Source: Pew Research Center.
Source: Pew Research Center.

Most Americans classify this data as personal and private. Pew Research found that a majority of those surveyed consider their health, who they have contacted, and relationships to be “very sensitive” or “somewhat sensitive” information.

Collecting Telephony Metadata: A Tightly Connected Network

The NSA’s ability to collect metadata in bulk under § 215 of the Patriot Act expired at the end of November 2015, but the techniques used can provide insight into how metadata is collected and analyzed in general. When the provision was in effect, the NSA collected all metadata involving U.S. callers on a daily basis from major telecommunications companies like Verizon, AT&T, and Sprint.

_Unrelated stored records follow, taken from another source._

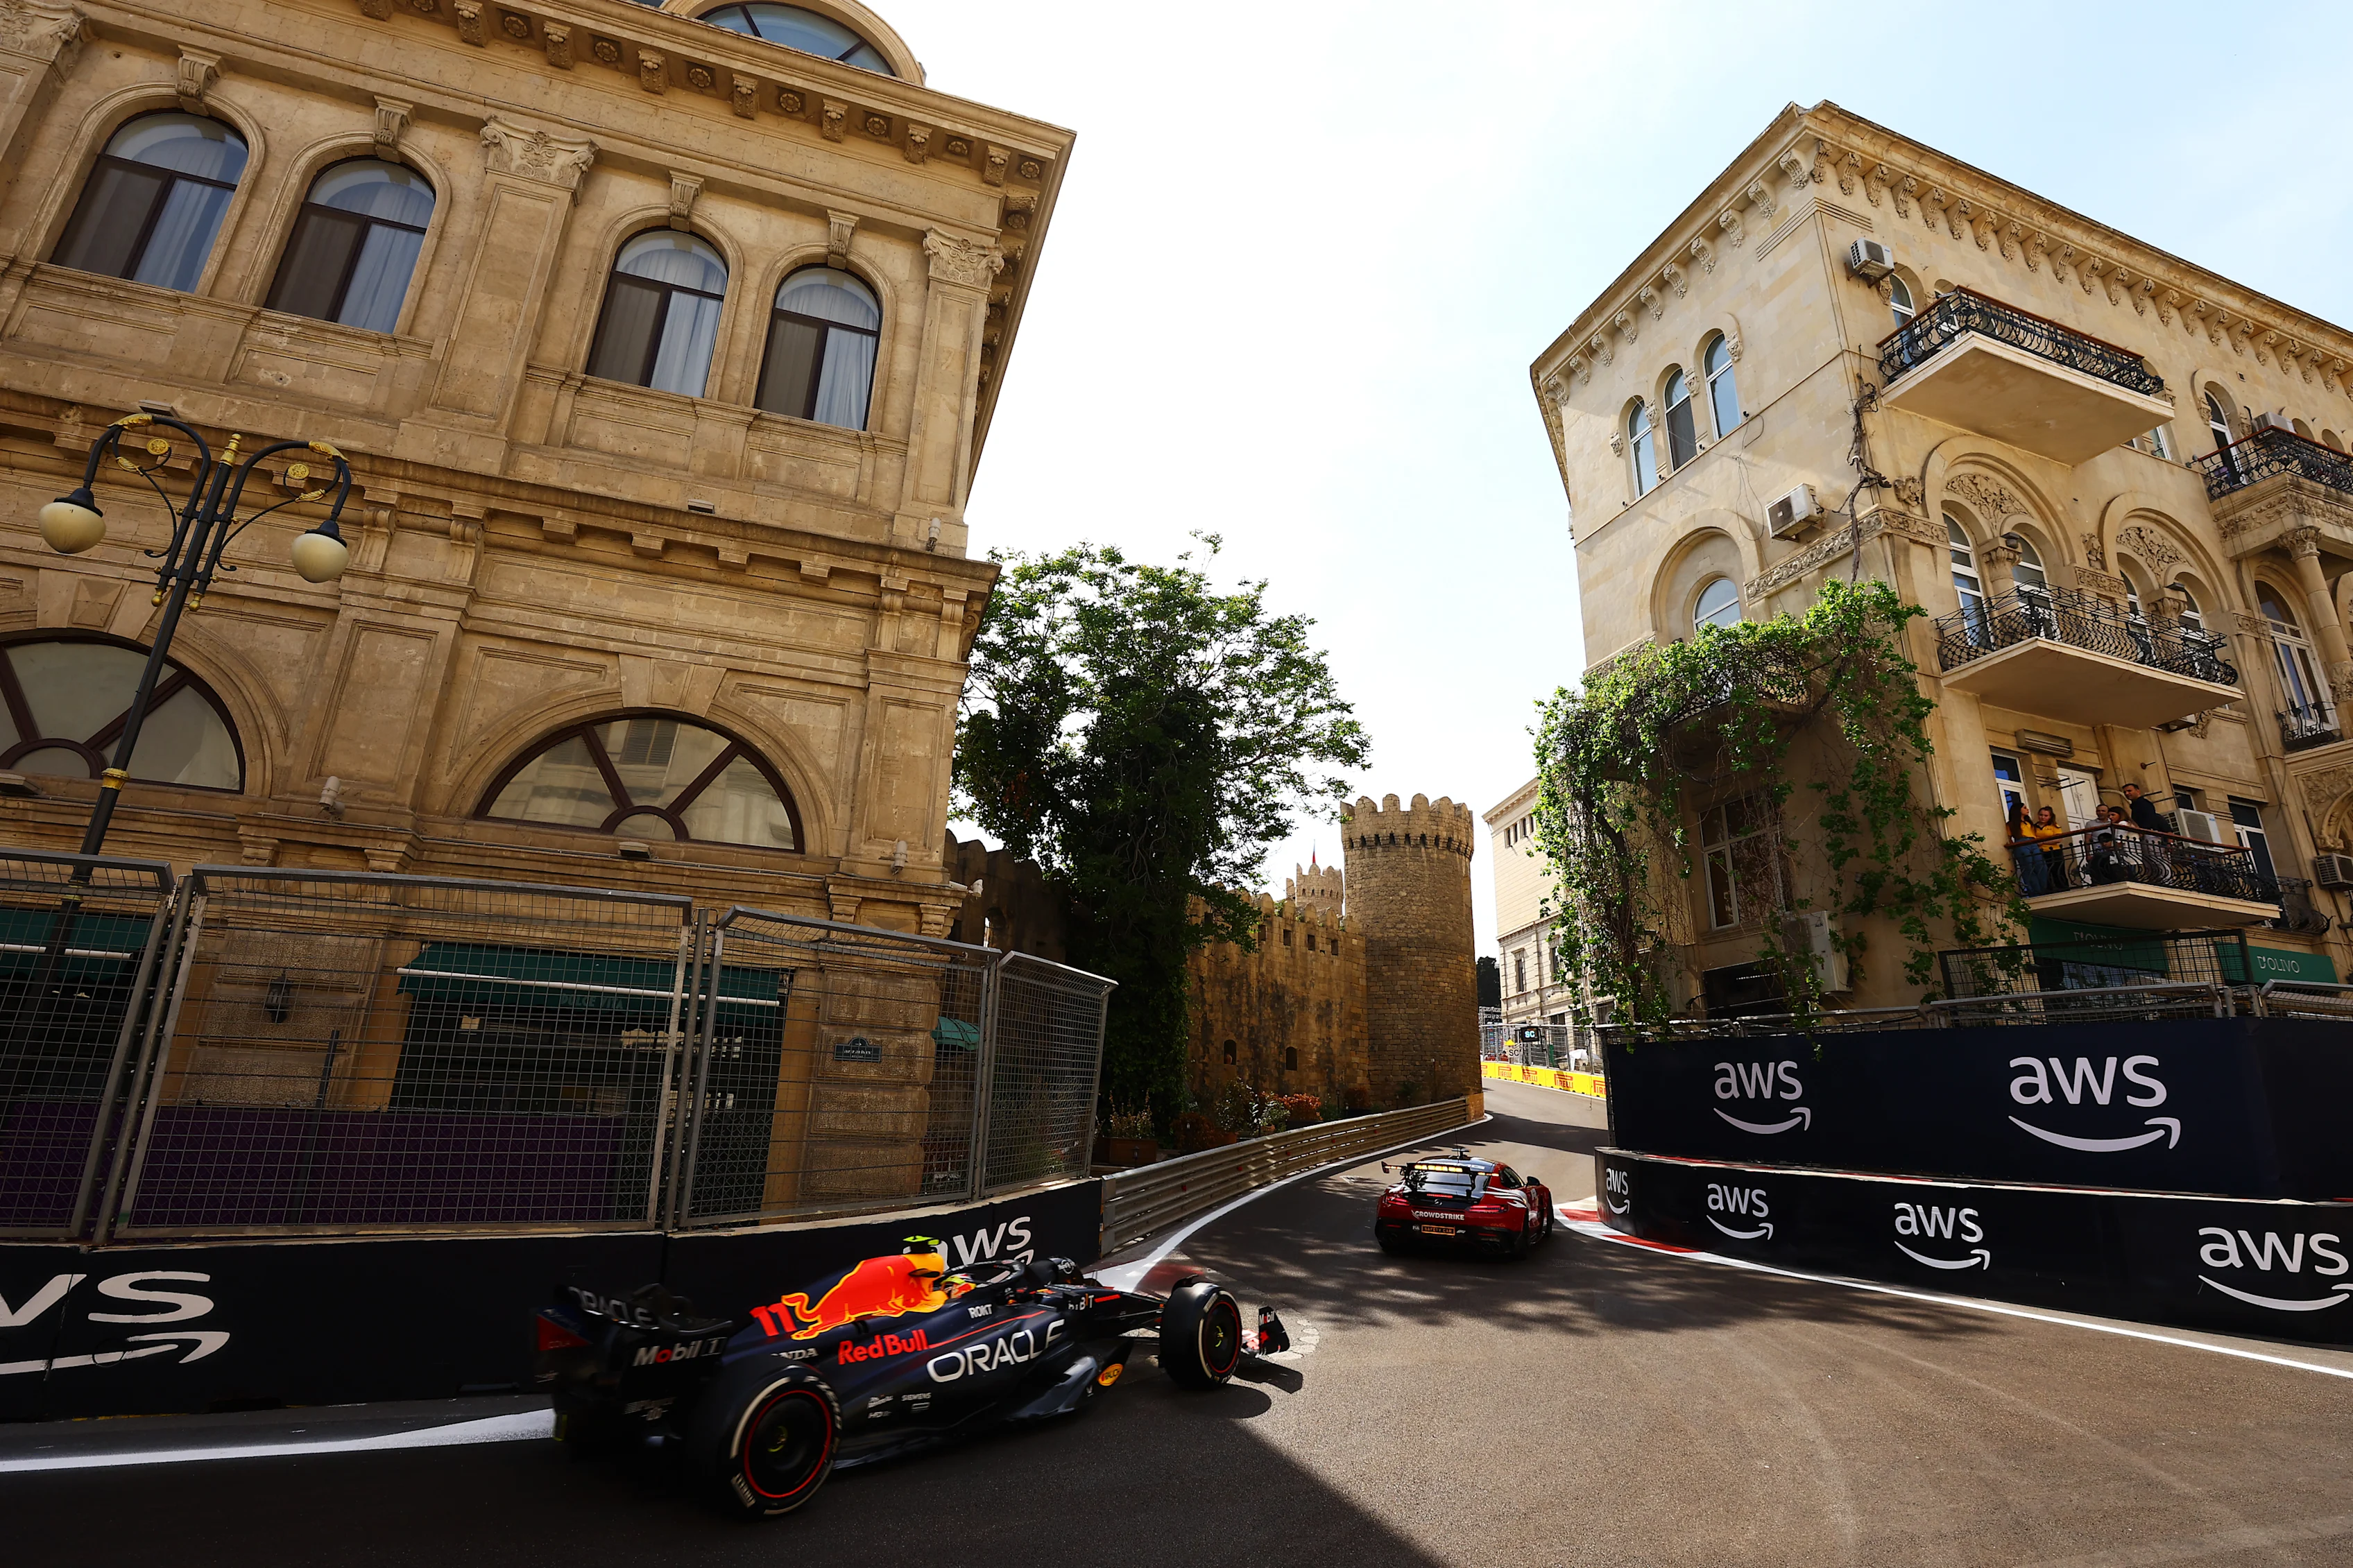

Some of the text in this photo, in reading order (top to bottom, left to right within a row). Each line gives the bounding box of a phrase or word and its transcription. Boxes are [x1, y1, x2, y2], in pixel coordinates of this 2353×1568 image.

[2257, 956, 2300, 974] D'OLIVO
[561, 994, 624, 1010] DULCE VITA
[1498, 1066, 1512, 1078] PIRELLI
[1523, 1069, 1538, 1082] PIRELLI
[1554, 1073, 1573, 1089] PIRELLI
[1714, 1060, 1803, 1100] aws
[2009, 1055, 2167, 1108] aws
[1606, 1168, 1629, 1196] aws
[1707, 1183, 1769, 1218] aws
[1415, 1210, 1465, 1221] CROWDSTRIKE
[1894, 1203, 1983, 1243] aws
[2198, 1227, 2349, 1276] aws
[748, 1302, 798, 1337] 11
[968, 1304, 993, 1319] ROKT
[1258, 1310, 1275, 1326] Mobil
[632, 1339, 703, 1368] Mobil
[926, 1318, 1066, 1383] ORACLE
[900, 1392, 932, 1402] SIEMENS

With data on so many people, how did intelligence officers evaluate potential threats—or find them in the first place? Rather than casting an indiscriminate net into the unruly waters of global telephone communications, the NSA began with a set of “seed” phone numbers that have been linked back to national security threats. There were 288 seeds in 2012, 423 seeds in 2013, 161 seeds in 2014, and 56 seeds in 2015.

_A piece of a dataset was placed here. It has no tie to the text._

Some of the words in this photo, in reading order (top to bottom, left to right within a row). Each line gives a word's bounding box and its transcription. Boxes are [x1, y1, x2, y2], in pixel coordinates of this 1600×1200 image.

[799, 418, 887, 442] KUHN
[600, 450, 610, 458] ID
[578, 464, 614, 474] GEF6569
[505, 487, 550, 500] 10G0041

According to a 2013 report from the President’s Review Group on Intelligence and Communications Technologies, the search moved out in a spanning tree: the NSA compiles a list of “every telephone number that either called or was called by the seed phone number in the past five years,” and does the same for each number on that list. The report goes on to explain how an investigation under § 215 of the Patriot Act would navigate the database:

“If we assume that the average telephone number called or was called by 100 phone numbers over the course of the five-year period, the query will produce a list of 10,000 phone numbers (100 x 100) that are two ‘hops’ away from the person reasonably believed to be associated with a foreign terrorist organization.”

ABOVE GRAPHIC: THE REACH OF TWO “HOPS” ON A NETWORK WHERE CALLERS PRODUCE THREE NEW NUMBERS. THE FIRST HOP ADDS THREE NEW CALLERS FOR A TOTAL OF FOUR (1 + 3), AND THE SECOND ADDS ANOTHER NINE FOR A TOTAL OF THIRTEEN (1 + 3 + 3 * 3).

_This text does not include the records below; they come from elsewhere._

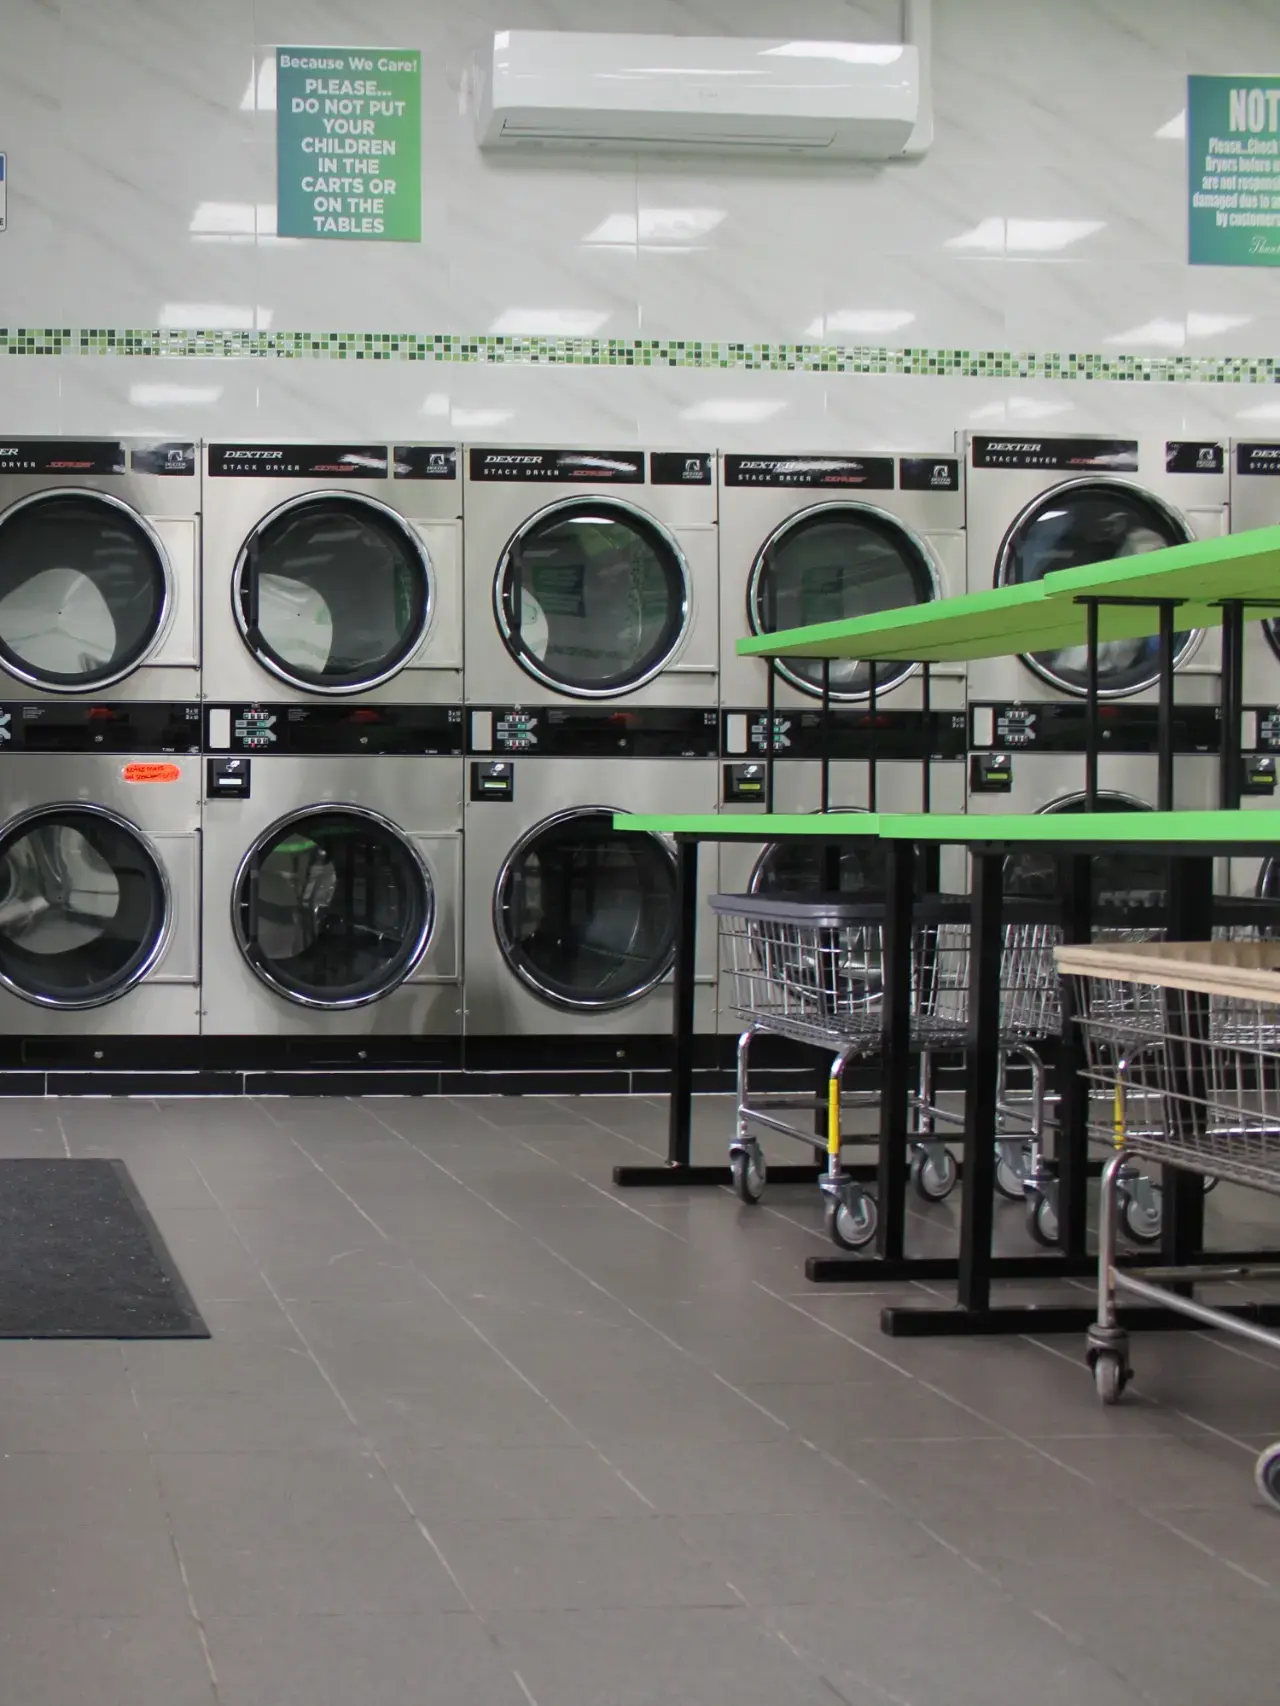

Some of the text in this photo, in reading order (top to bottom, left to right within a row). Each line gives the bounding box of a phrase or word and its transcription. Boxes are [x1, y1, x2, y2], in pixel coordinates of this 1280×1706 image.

[280, 55, 418, 72] Because We Care!
[305, 79, 392, 96] PLEASE...
[292, 98, 406, 116] DO NOT PUT
[322, 118, 375, 135] YOUR
[301, 138, 396, 155] CHILDREN
[318, 158, 379, 174] IN THE
[1205, 156, 1238, 173] Dryers
[1239, 156, 1271, 172] before
[301, 177, 396, 194] CARTS OR
[1202, 176, 1219, 190] are
[1220, 175, 1236, 190] not
[314, 197, 384, 214] ON THE
[1193, 192, 1238, 209] damaged
[1239, 193, 1258, 208] due
[1260, 195, 1270, 208] to
[313, 216, 384, 233] TABLES
[1216, 210, 1228, 228] by
[223, 451, 283, 459] DEXTER
[986, 442, 1042, 451] DEXTER
[484, 455, 543, 464] DEXTER

The presidential review’s example represents a loosely connected network of callers, where each person is only in contact with a small percentage of other members of the network. In reality, U.S. callers are a tightly connected network linked by a small collection of high-frequency phone numbers. Numbers belonging to restaurants, pharmacies, or tech support lines might have thousands or even millions of contacts within the last five years. As an anonymous senior NSA official put it when speaking to James Bamford of WIRED in 2012, “everybody’s a target; everybody with communication is a target.”

U.S. callers are actually a tightly linked network. Blue dots represent participants in the Metaphone study. Red dots represent the most common outside numbers that called or were called by participants. Source: Jonathan Mayer, Patrick Mutchler Web Policy.
U.S. callers are actually a tightly linked network. Blue dots represent participants in the Metaphone study. Red dots represent the most common outside numbers that called or were called by participants. Source: Jonathan Mayer, Patrick Mutchler Web Policy.

The NSA’s bulk collection program has been limited by some important reforms, such as the exclusion of bulk data collected under Patriot Act § 215 from internal searches starting December 2015. By the end of 2013, the scope of database queries of telephony metadata were reduced from three degrees of separation from a seed number to two. The USA Freedom Act, signed into law in June 2015, ended the Patriot Act’s bulk collection programs. The NSA can still conduct searches, but telecommunications companies are no longer required to hand over their subscribers’ metadata, and they only have to retain the records for a minimum of eighteen months—down from five years.

Metadata analysis is a relatively new part of intelligence gathering. The events of the past few years have seen government agencies and privacy advocates engaging with the question of whether or not non-content such as metadata is truly “content-less.”